**Task objective**
A verbatim copy of the listing is what is needed, minus any pictures.

**Data for this task**
=== Begin Enclosure ===
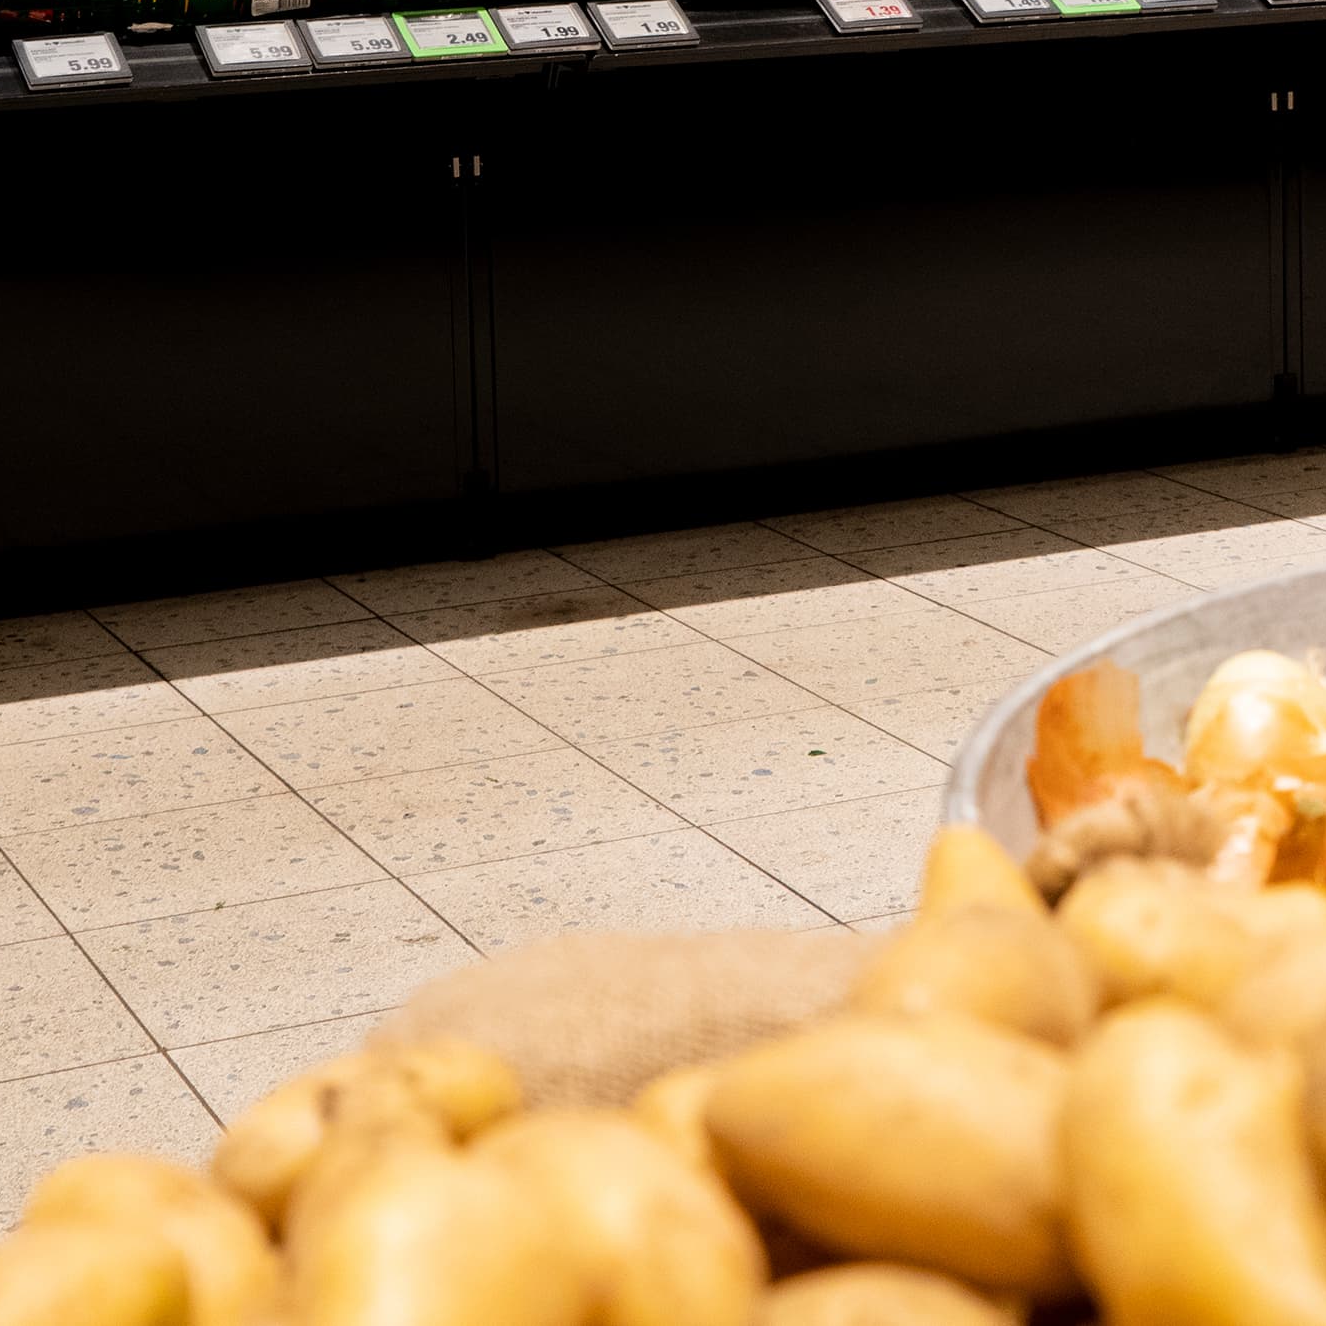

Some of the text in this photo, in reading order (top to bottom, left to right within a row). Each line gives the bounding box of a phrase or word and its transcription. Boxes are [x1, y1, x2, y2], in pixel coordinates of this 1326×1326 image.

[865, 5, 902, 17] 1.39
[540, 24, 580, 39] 1.99
[640, 19, 681, 35] 1.99
[352, 36, 393, 52] 5.99
[447, 31, 490, 46] 2.49
[249, 44, 294, 60] 5.99
[68, 56, 114, 72] 5.99
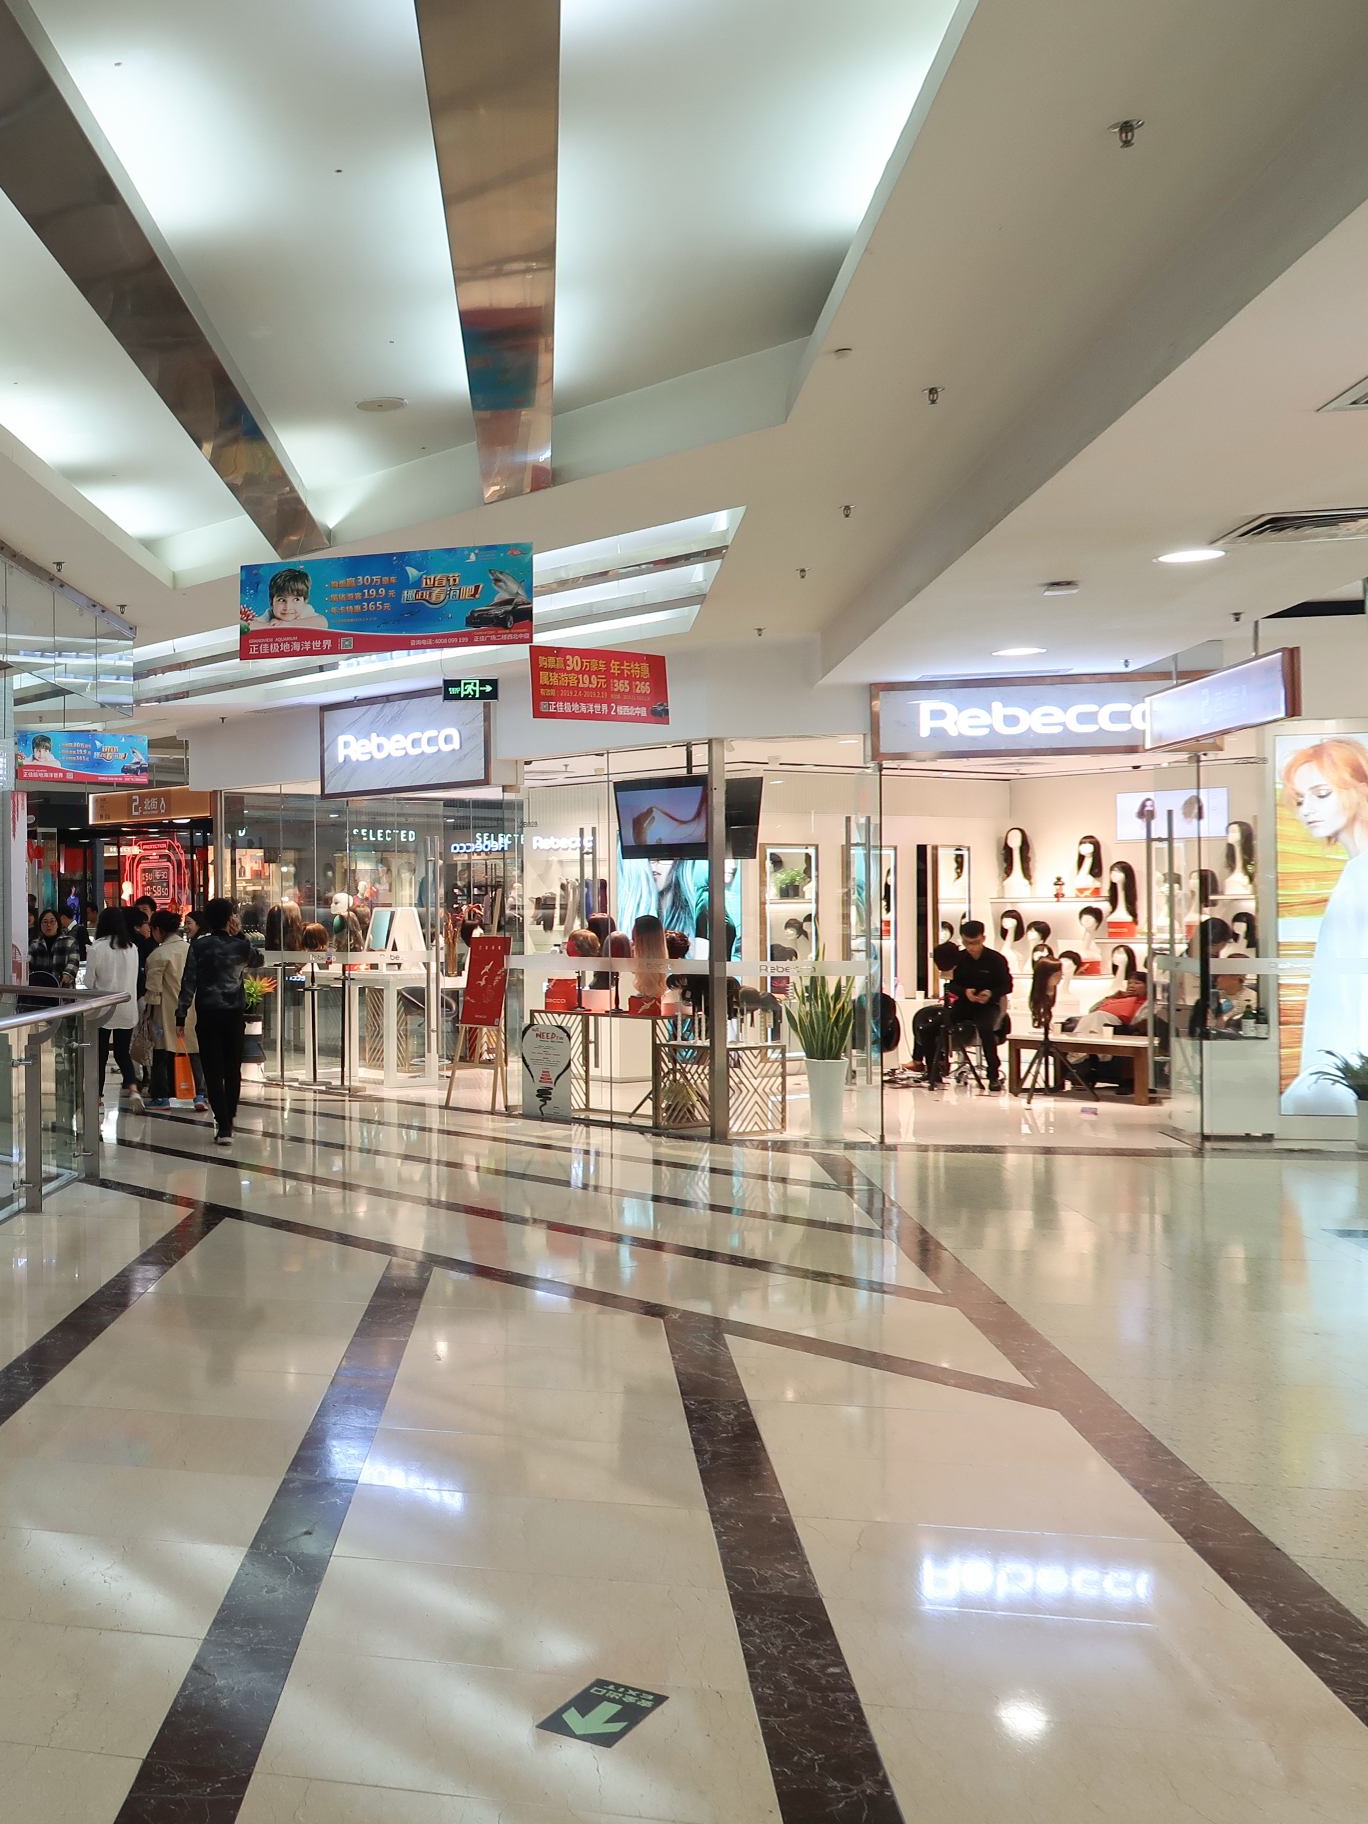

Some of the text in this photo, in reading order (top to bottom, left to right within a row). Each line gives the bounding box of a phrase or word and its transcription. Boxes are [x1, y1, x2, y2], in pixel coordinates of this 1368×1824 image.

[249, 639, 332, 654] 正佳极地海洋世界
[538, 655, 607, 672] 购票赢30万豪车
[610, 660, 651, 679] 年卡特惠
[539, 672, 607, 689] 属猪游客19.9元
[614, 680, 630, 693] 365
[635, 682, 651, 694] 266
[549, 701, 608, 715] 正佳极地海洋世界
[337, 727, 462, 764] Rebecca
[536, 1032, 556, 1040] NEED
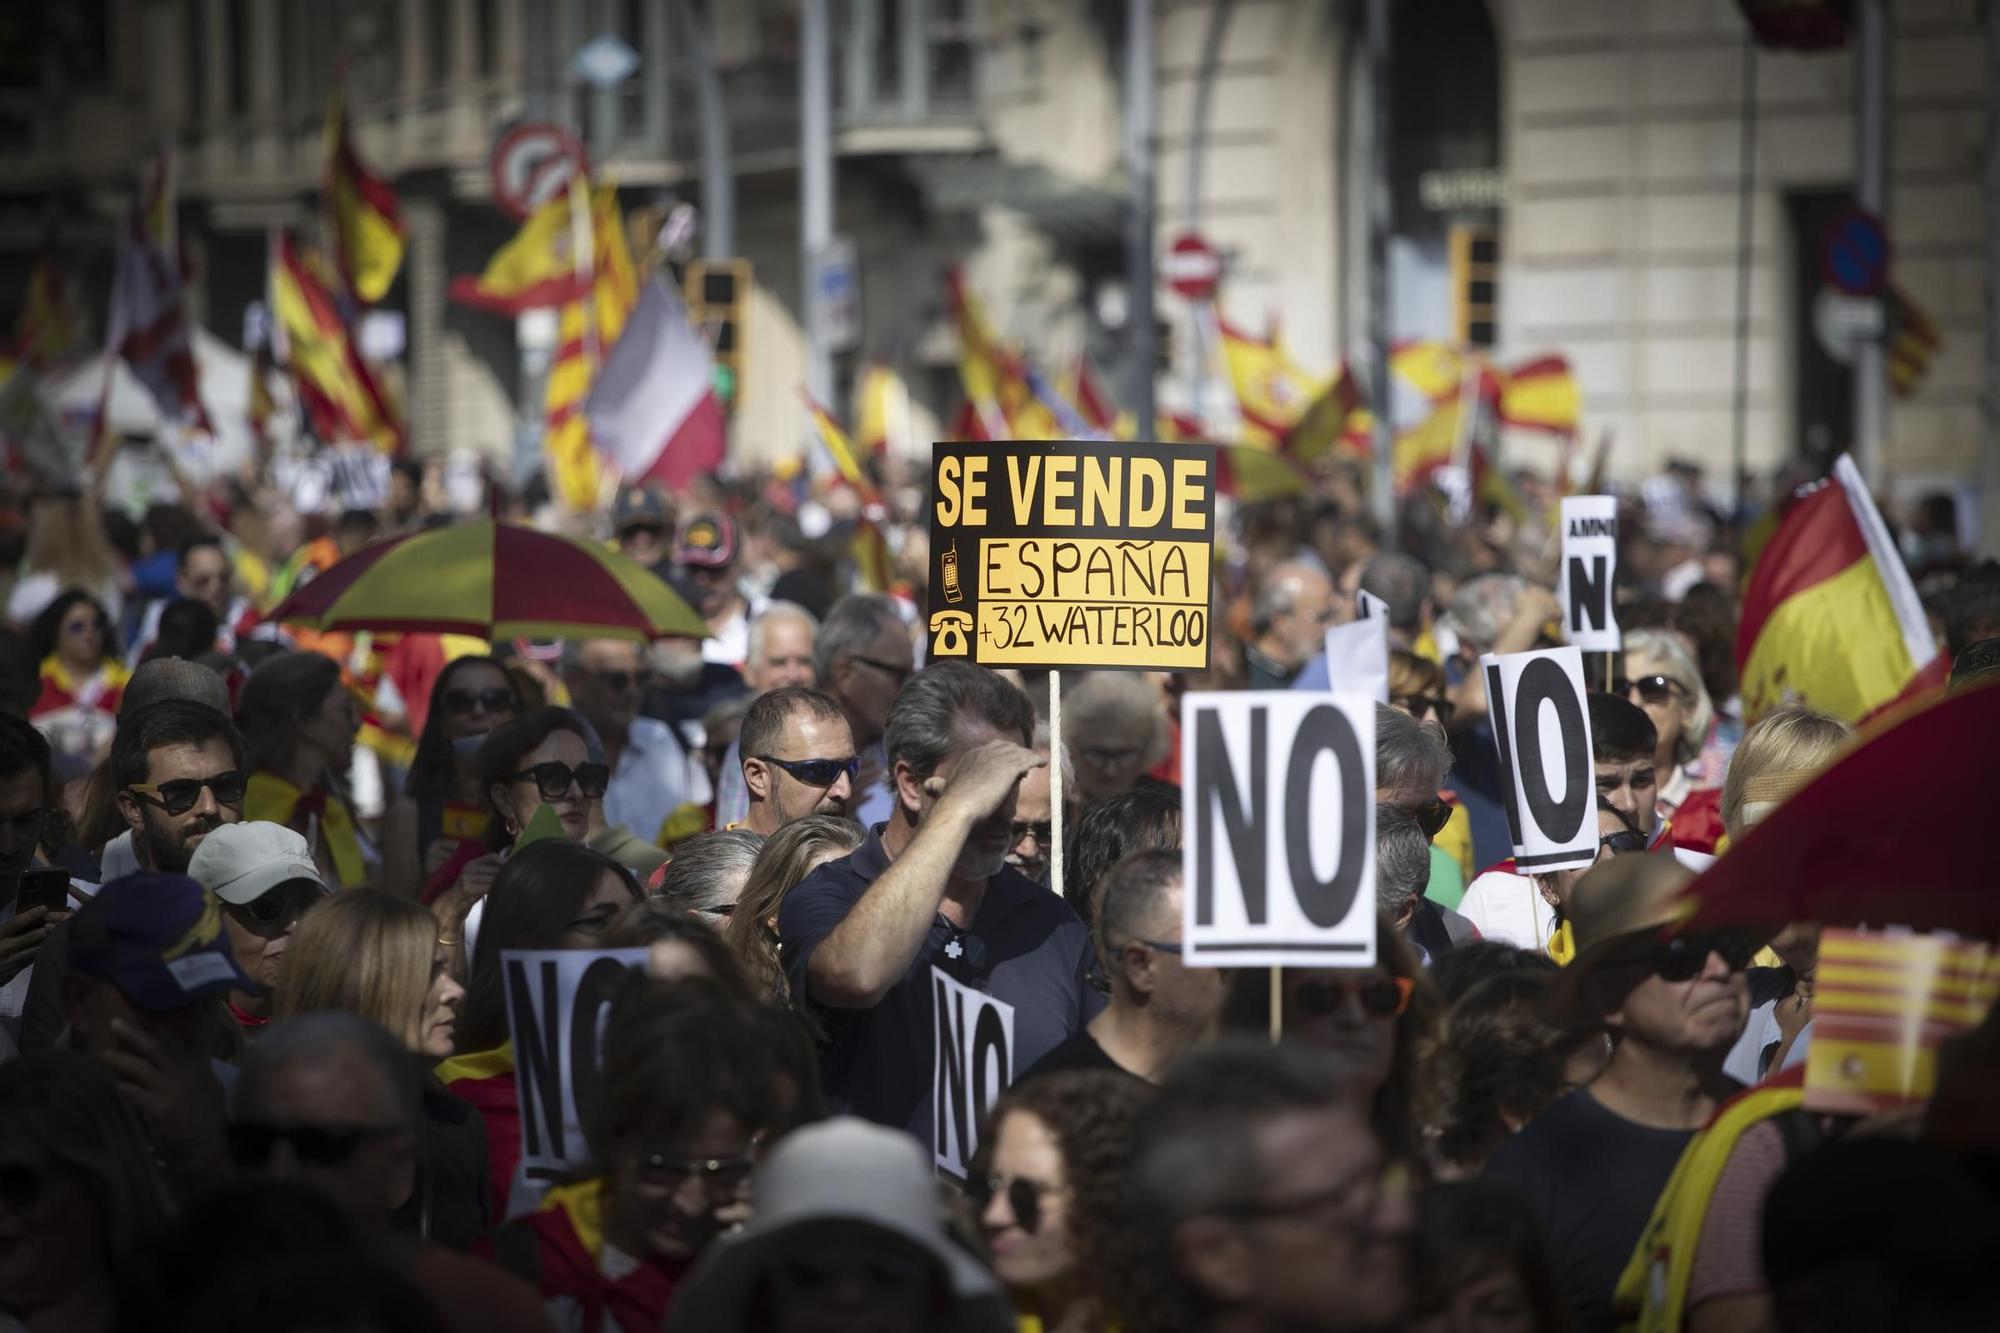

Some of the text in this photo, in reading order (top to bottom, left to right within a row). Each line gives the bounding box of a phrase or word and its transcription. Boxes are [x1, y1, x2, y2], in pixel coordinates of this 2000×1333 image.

[936, 456, 1207, 530] SE VENDE
[987, 540, 1190, 598] ESPAÑA
[1569, 556, 1606, 631] N
[1195, 704, 1367, 928] NO
[936, 976, 1008, 1172] NO
=== End Enclosure ===
**Exercise answer**
Some of the text in this photo, in reading order (top to bottom, left to right within a row). Each line gives the bounding box of a phrase or word and its transcription. Boxes are [x1, y1, x2, y2], in pixel coordinates of this 1326×1326 image.

[865, 5, 902, 17] 1.39
[540, 24, 580, 39] 1.99
[640, 19, 681, 35] 1.99
[352, 36, 393, 52] 5.99
[447, 31, 490, 46] 2.49
[249, 44, 294, 60] 5.99
[68, 56, 114, 72] 5.99

Some of the text in this photo, in reading order (top to bottom, left to right within a row). Each line gives the bounding box of a phrase or word and its transcription. Boxes are [x1, y1, x2, y2], in pixel coordinates of this 1368×1824 image.

[249, 639, 332, 654] 正佳极地海洋世界
[538, 655, 607, 672] 购票赢30万豪车
[610, 660, 651, 679] 年卡特惠
[539, 672, 607, 689] 属猪游客19.9元
[614, 680, 630, 693] 365
[635, 682, 651, 694] 266
[549, 701, 608, 715] 正佳极地海洋世界
[337, 727, 462, 764] Rebecca
[536, 1032, 556, 1040] NEED

Some of the text in this photo, in reading order (top to bottom, left to right within a row). Each line gives the bounding box of a phrase or word and its transcription. Boxes are [x1, y1, x2, y2], in pixel coordinates of this 2000×1333 image.

[936, 456, 1207, 530] SE VENDE
[987, 540, 1190, 598] ESPAÑA
[1569, 556, 1606, 631] N
[1195, 704, 1367, 928] NO
[936, 976, 1008, 1172] NO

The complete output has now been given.